» **What the task requires**: Without any pictures, the records below should be reproduced exactly.

-------- Information provided --------

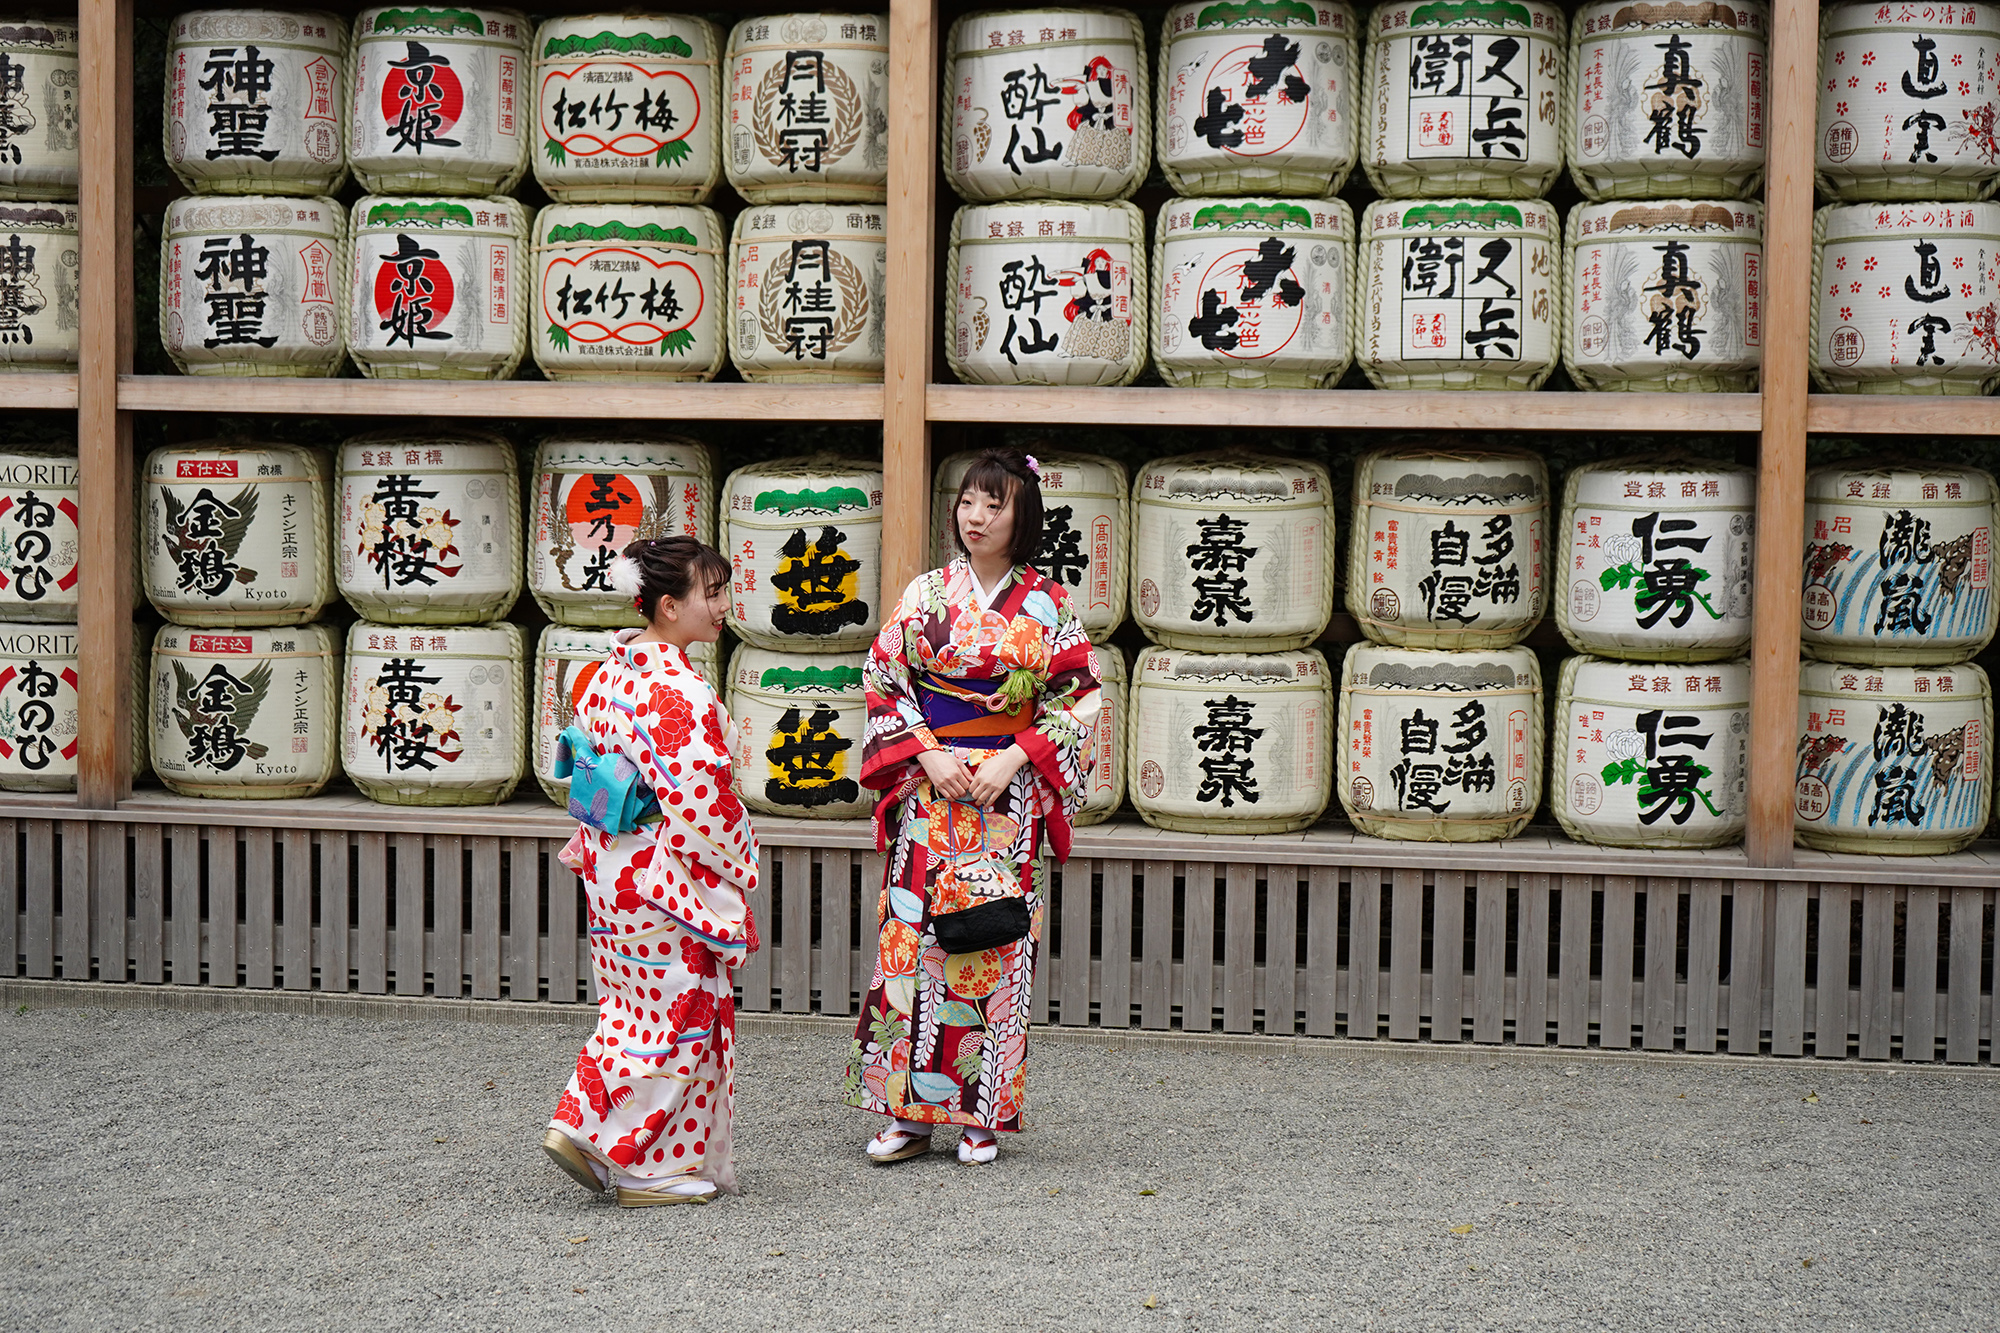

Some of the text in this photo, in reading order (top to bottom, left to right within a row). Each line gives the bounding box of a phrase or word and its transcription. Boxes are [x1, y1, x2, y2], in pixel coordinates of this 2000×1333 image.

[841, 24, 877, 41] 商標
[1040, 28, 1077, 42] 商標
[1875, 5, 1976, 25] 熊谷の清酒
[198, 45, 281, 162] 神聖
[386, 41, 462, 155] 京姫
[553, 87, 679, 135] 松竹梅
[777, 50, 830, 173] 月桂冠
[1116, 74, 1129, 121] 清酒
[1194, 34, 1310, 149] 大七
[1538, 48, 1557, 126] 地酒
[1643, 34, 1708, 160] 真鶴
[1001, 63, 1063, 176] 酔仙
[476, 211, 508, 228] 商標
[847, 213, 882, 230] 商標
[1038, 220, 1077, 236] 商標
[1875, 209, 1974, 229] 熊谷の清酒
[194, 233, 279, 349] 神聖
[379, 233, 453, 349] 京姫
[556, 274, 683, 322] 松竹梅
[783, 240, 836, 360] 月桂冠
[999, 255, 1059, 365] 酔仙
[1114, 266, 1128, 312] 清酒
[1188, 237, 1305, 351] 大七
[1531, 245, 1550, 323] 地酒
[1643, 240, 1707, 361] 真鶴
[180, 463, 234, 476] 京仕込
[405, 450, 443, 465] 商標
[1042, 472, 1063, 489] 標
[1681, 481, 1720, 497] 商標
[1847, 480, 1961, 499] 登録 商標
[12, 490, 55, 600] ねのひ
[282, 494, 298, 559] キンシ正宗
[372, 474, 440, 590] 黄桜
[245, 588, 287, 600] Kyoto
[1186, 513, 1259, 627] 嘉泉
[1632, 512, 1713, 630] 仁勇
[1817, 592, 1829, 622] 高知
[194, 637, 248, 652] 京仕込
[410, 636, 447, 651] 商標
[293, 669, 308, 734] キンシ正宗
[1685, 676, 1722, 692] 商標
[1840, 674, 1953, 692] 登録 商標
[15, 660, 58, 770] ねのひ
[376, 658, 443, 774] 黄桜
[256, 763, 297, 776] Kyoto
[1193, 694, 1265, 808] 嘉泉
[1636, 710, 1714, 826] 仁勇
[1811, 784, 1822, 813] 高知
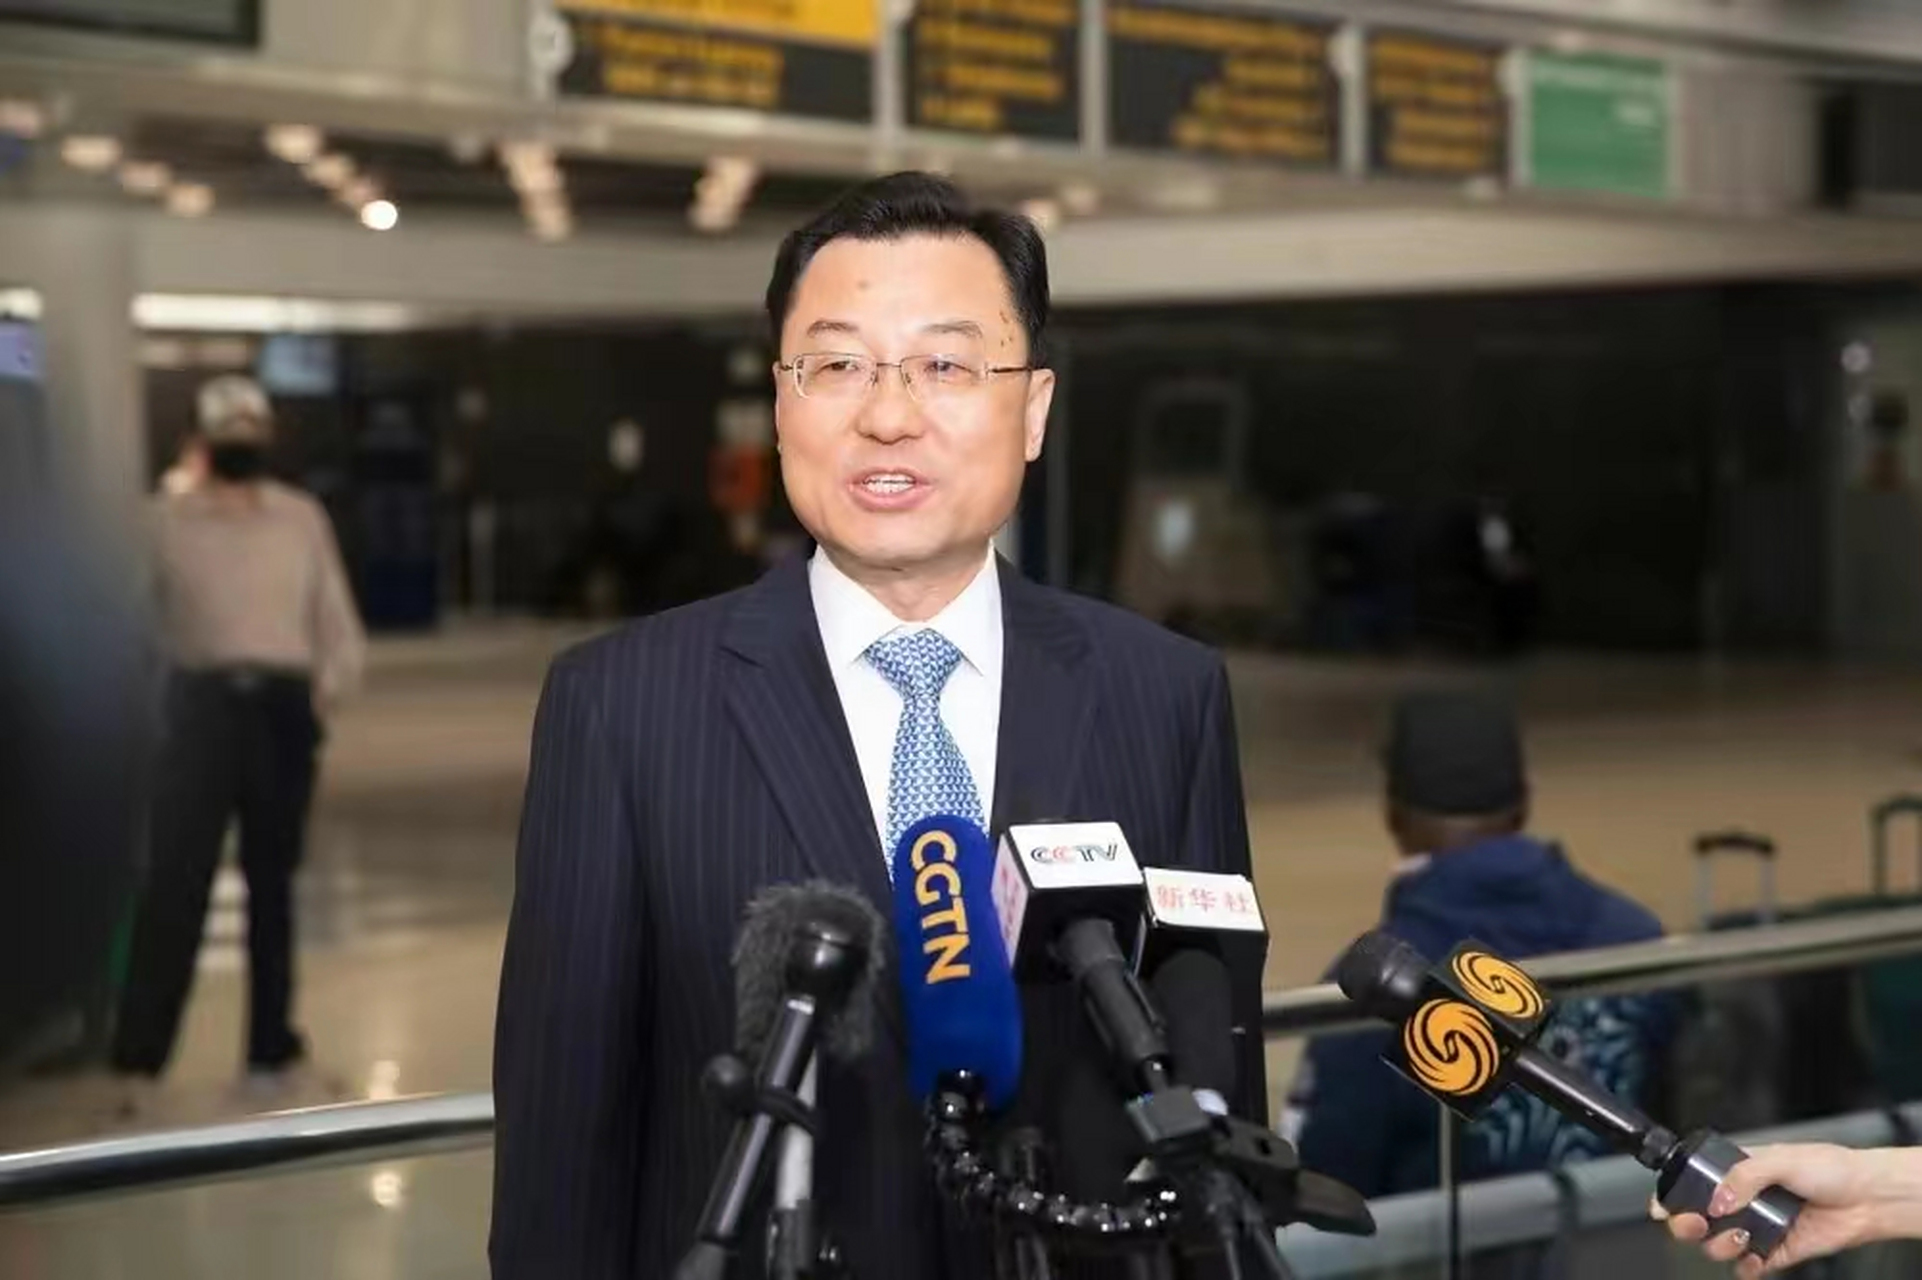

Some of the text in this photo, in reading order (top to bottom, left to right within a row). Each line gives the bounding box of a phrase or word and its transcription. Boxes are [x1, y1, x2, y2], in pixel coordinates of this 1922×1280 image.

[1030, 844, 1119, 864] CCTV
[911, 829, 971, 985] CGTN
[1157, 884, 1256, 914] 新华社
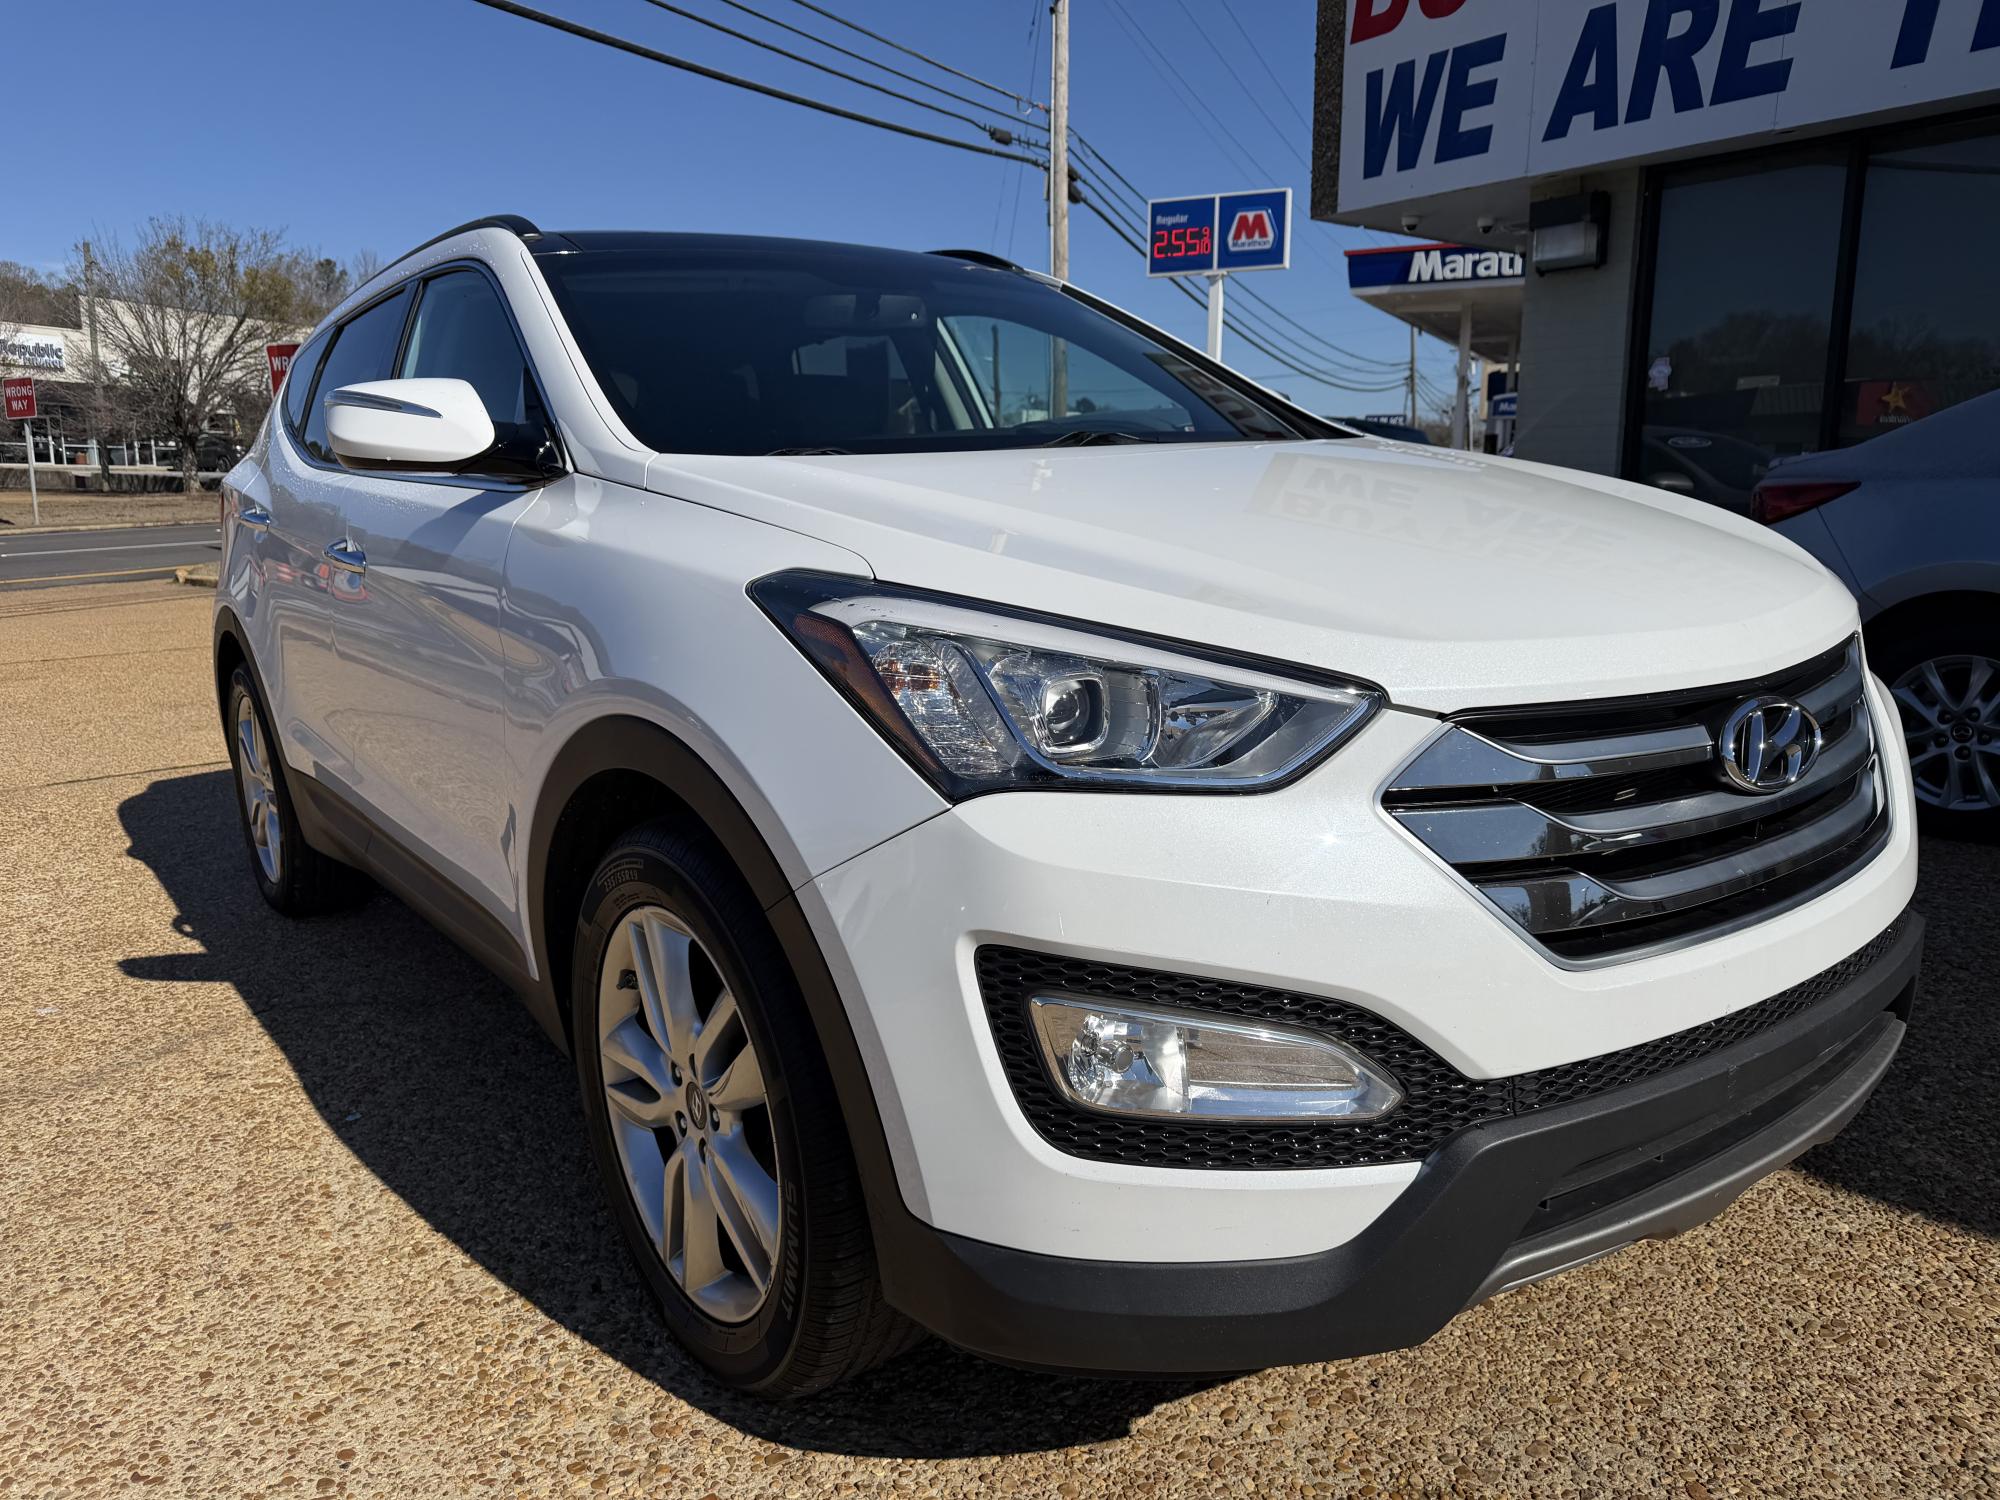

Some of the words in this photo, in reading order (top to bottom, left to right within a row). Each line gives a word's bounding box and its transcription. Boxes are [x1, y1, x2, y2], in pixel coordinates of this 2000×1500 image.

--------

» **Solution to this task**:
Some of the text in this photo, in reading order (top to bottom, left to right within a row). Each line gives the bounding box of a phrase or word and its transcription. Boxes are [x1, y1, x2, y2], in pixel coordinates of this 2000×1333 image.

[841, 24, 877, 41] 商標
[1040, 28, 1077, 42] 商標
[1875, 5, 1976, 25] 熊谷の清酒
[198, 45, 281, 162] 神聖
[386, 41, 462, 155] 京姫
[553, 87, 679, 135] 松竹梅
[777, 50, 830, 173] 月桂冠
[1116, 74, 1129, 121] 清酒
[1194, 34, 1310, 149] 大七
[1538, 48, 1557, 126] 地酒
[1643, 34, 1708, 160] 真鶴
[1001, 63, 1063, 176] 酔仙
[476, 211, 508, 228] 商標
[847, 213, 882, 230] 商標
[1038, 220, 1077, 236] 商標
[1875, 209, 1974, 229] 熊谷の清酒
[194, 233, 279, 349] 神聖
[379, 233, 453, 349] 京姫
[556, 274, 683, 322] 松竹梅
[783, 240, 836, 360] 月桂冠
[999, 255, 1059, 365] 酔仙
[1114, 266, 1128, 312] 清酒
[1188, 237, 1305, 351] 大七
[1531, 245, 1550, 323] 地酒
[1643, 240, 1707, 361] 真鶴
[180, 463, 234, 476] 京仕込
[405, 450, 443, 465] 商標
[1042, 472, 1063, 489] 標
[1681, 481, 1720, 497] 商標
[1847, 480, 1961, 499] 登録 商標
[12, 490, 55, 600] ねのひ
[282, 494, 298, 559] キンシ正宗
[372, 474, 440, 590] 黄桜
[245, 588, 287, 600] Kyoto
[1186, 513, 1259, 627] 嘉泉
[1632, 512, 1713, 630] 仁勇
[1817, 592, 1829, 622] 高知
[194, 637, 248, 652] 京仕込
[410, 636, 447, 651] 商標
[293, 669, 308, 734] キンシ正宗
[1685, 676, 1722, 692] 商標
[1840, 674, 1953, 692] 登録 商標
[15, 660, 58, 770] ねのひ
[376, 658, 443, 774] 黄桜
[256, 763, 297, 776] Kyoto
[1193, 694, 1265, 808] 嘉泉
[1636, 710, 1714, 826] 仁勇
[1811, 784, 1822, 813] 高知

Some of the text in this photo, in reading order (top to bottom, left to right within a row). Each line gives the bounding box of a phrase or word and its transcription. Boxes are [x1, y1, x2, y2], in pixel coordinates of this 1922×1280 image.

[1030, 844, 1119, 864] CCTV
[911, 829, 971, 985] CGTN
[1157, 884, 1256, 914] 新华社

Some of the words in this photo, in reading order (top to bottom, left to right within a row). Each line gives a word's bounding box and its transcription. Boxes are [x1, y1, x2, y2], in pixel coordinates of this 2000×1500 image.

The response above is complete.